Scientific classification
- Kingdom: Fungi
- Division: Ascomycota
- Class: Lecanoromycetes
- Order: Lecanorales
- Family: Ramalinaceae
- Genus: Vermilacinia
- Species: V. paleoderma
- Binomial name: Vermilacinia paleoderma Spjut (1996)

= Vermilacinia paleoderma =

- Authority: Spjut (1996)

Species of lichen

Vermilacinia paleoderma is a pale yellow-green fruticose lichen that occurs commonly along the fog zone of the Pacific Coast of Northern Vizcaíno Desert region of Baja Californica and occasionally in the Chaparral Islands of California.
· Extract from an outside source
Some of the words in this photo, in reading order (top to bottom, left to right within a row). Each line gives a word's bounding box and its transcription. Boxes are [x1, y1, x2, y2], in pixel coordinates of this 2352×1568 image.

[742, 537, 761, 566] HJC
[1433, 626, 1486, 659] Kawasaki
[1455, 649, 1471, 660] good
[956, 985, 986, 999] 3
==Distinguishing features==

Vermilacinia paleoderma is distinguished by its thallus divided into relatively long tubular-prismatic branches—to 6 cm long in contrast to 4 cm long in V. combeoides—that arise from a common base, the branches generally of longitudinal spiraled cortical ribs with recessed crater-like depression between the ribs; the craters frequently separated by transverse pastry-like creases, which gives the overall prismatic appearance to the branches. Primary branches vary from less than 5 to more than 20, simple or often divided well above base into equal secondary branches, or with many shorter branches developing along one side when the primary branches spread out and curve upwards towards light. Black pycnidia are conspicuous on the branches, giving the thallus the appearance of having the measles except for the black color. Apothecia usually develop terminally on some branches, often in small aggregates. Lichen substances are primarily three terpenoid compounds, T3, zeorin and (-)-16 α-hydroxykaurane; bougeanic acid undoubtedly present; salazinic acid occasionally present.
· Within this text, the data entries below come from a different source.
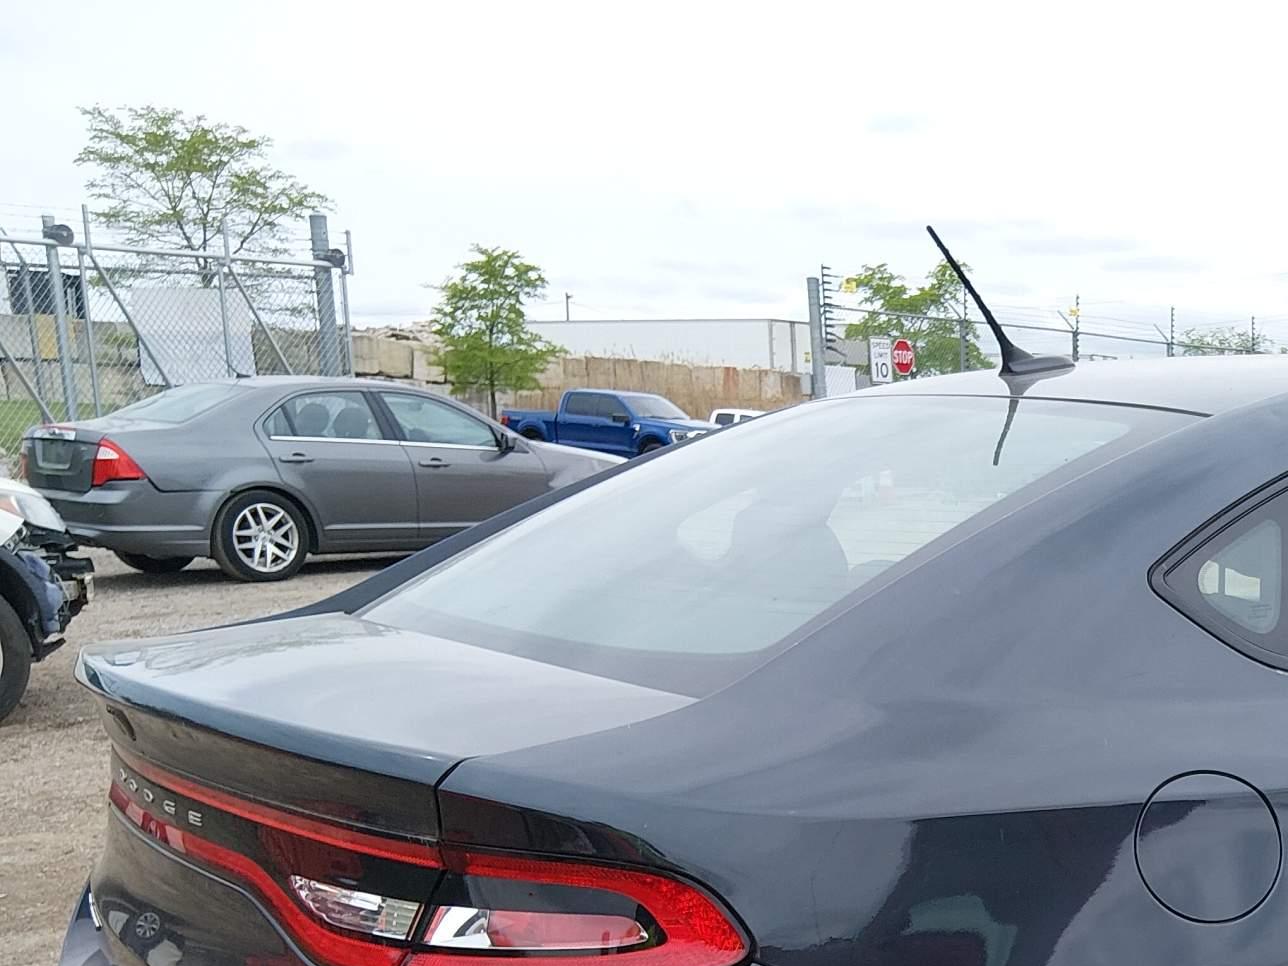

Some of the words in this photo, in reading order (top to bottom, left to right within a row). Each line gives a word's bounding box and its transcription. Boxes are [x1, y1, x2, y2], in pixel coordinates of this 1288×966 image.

[893, 350, 913, 364] STOP
[875, 362, 889, 378] 10
[119, 768, 203, 827] DODGE
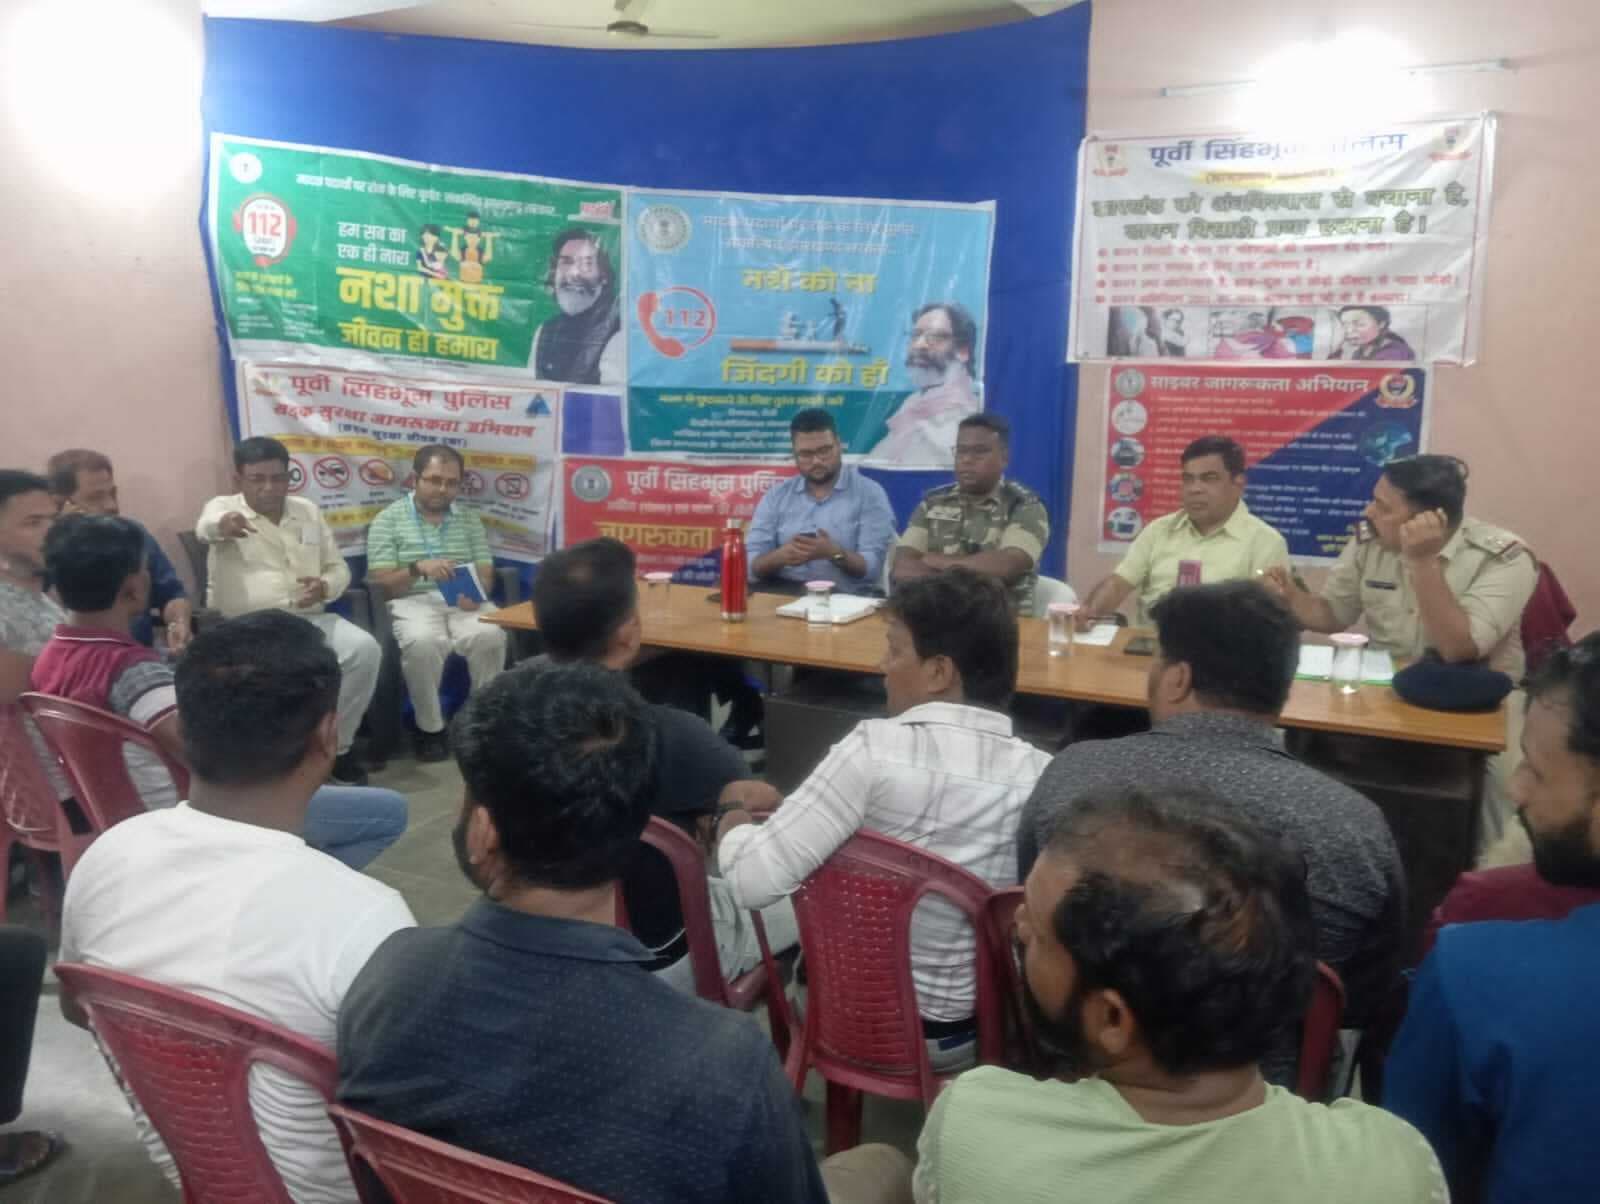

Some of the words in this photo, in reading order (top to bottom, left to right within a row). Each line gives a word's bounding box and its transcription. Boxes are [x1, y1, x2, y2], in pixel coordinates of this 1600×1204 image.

[1149, 139, 1193, 167] पूर्वी
[247, 211, 282, 237] 112
[337, 221, 360, 239] हम
[363, 223, 386, 241] सब
[387, 227, 407, 243] का
[336, 243, 359, 260] एक
[363, 243, 377, 263] ही
[379, 248, 410, 266] नारा
[799, 266, 838, 293] को
[845, 272, 877, 294] ना
[336, 266, 422, 313] नशा
[430, 279, 505, 331] मुक्त
[665, 309, 706, 327] 112
[337, 316, 402, 350] जीवन
[434, 332, 499, 361] हमारा
[722, 355, 808, 385] जिंदगी
[815, 358, 852, 386] को
[1294, 373, 1370, 394] अभियान
[342, 376, 433, 406] सिंहभूम
[443, 386, 512, 412] पुलिस
[317, 404, 366, 425] सुरक्षा
[465, 419, 536, 439] अभियान
[626, 466, 660, 494] पूर्वी
[664, 467, 735, 496] सिंहभूम
Vermilacinia paleoderma is perhaps the most common species in the subgenus Vermilacinia on rocks near the immediate coast of the Baja California peninsula, from Punta Canoas south to Miller’s Landing. It occurs sporadically on the Vizcaíno Peninsula and offshore islands, namely Guadalupe Island, Islas San Benito, Isla San Martín (near San Quintín), and in the Channel Islands. It often grows in small tufts with species of Niebla, or in extensive pure colonies on rock outcrops on ridges that receive more fog from ocean wind

==Taxonomic history==

Although Vermilacinia paleoderma is widely distributed, it had remained unknown until 1996. In 1994, two closely related species were described; Vermilacinia cedrosensis was first distinguished (as Niebla cedrosensis) from thalli growing on Cedros Island by the cylindrical shape of the branches, and recognized to also occur on the Vizcaíno Peninsula at Punta Eugenia, in contrast to Vermilacinia polymorpha (synonym Niebla polymorpha) distinguished by its irregularly dilated branch segments, based on specimens from Santa Catalina Island and nearby California mainland. Both species that were originally described in the genus Niebla in 1994 were transferred to Vermilacinia in 1996, but still recognized as Niebla in a 2004 lichen flora; however, V. paleoderma was placed in synonymy under Niebla laevigata, a species that has mostly flattened branches, in contrast to the diagnostic features of “sublinear branches” given for the species in 1996. Another closely related species, V. reptilioderma, which differs by chemistry in having the tripterpenes, referred to as T1 and T2 by where they form spots on thin-layer chromatography plates, was considered a synonym of Niebla cedrosensis.

The genus Niebla differs in having free chondroid strands in the medulla and by lichen substances primarily of depsides (divaricatic acid or sekikaic acid with accessory triterpenes), and depsidones (salazinic acid or hyprotocetraric acid or protocetraric acid or acid deficient, without accessory triterpenes); the terpenes when present are not the triterpene zeorin and the diterpene (-)-16 α-hydroxykaurane that characterizes the genus Vermilacinia. It was stated by Darrell Wright "that not one of the eight substances found in N. laevigata [= Vermilacinia laevigata] appears to correspond to any of the seven substances in its congener, N. homalea." Additionally, cortical differences were described by Peter Bowler as a "thick outer cortex with palisade cell lines and a subtending layer of supportive tissue," corresponding to the genus Niebla, as well as "a thin cortex of branching hyphae in a matrix with mechanical tissue either absent or sparsely present," corresponding to subgenus Cylindricaria, and a cortex with "a thick mechanical layer and a variable palisade layer," corresponding to subgenus Vermilacinia.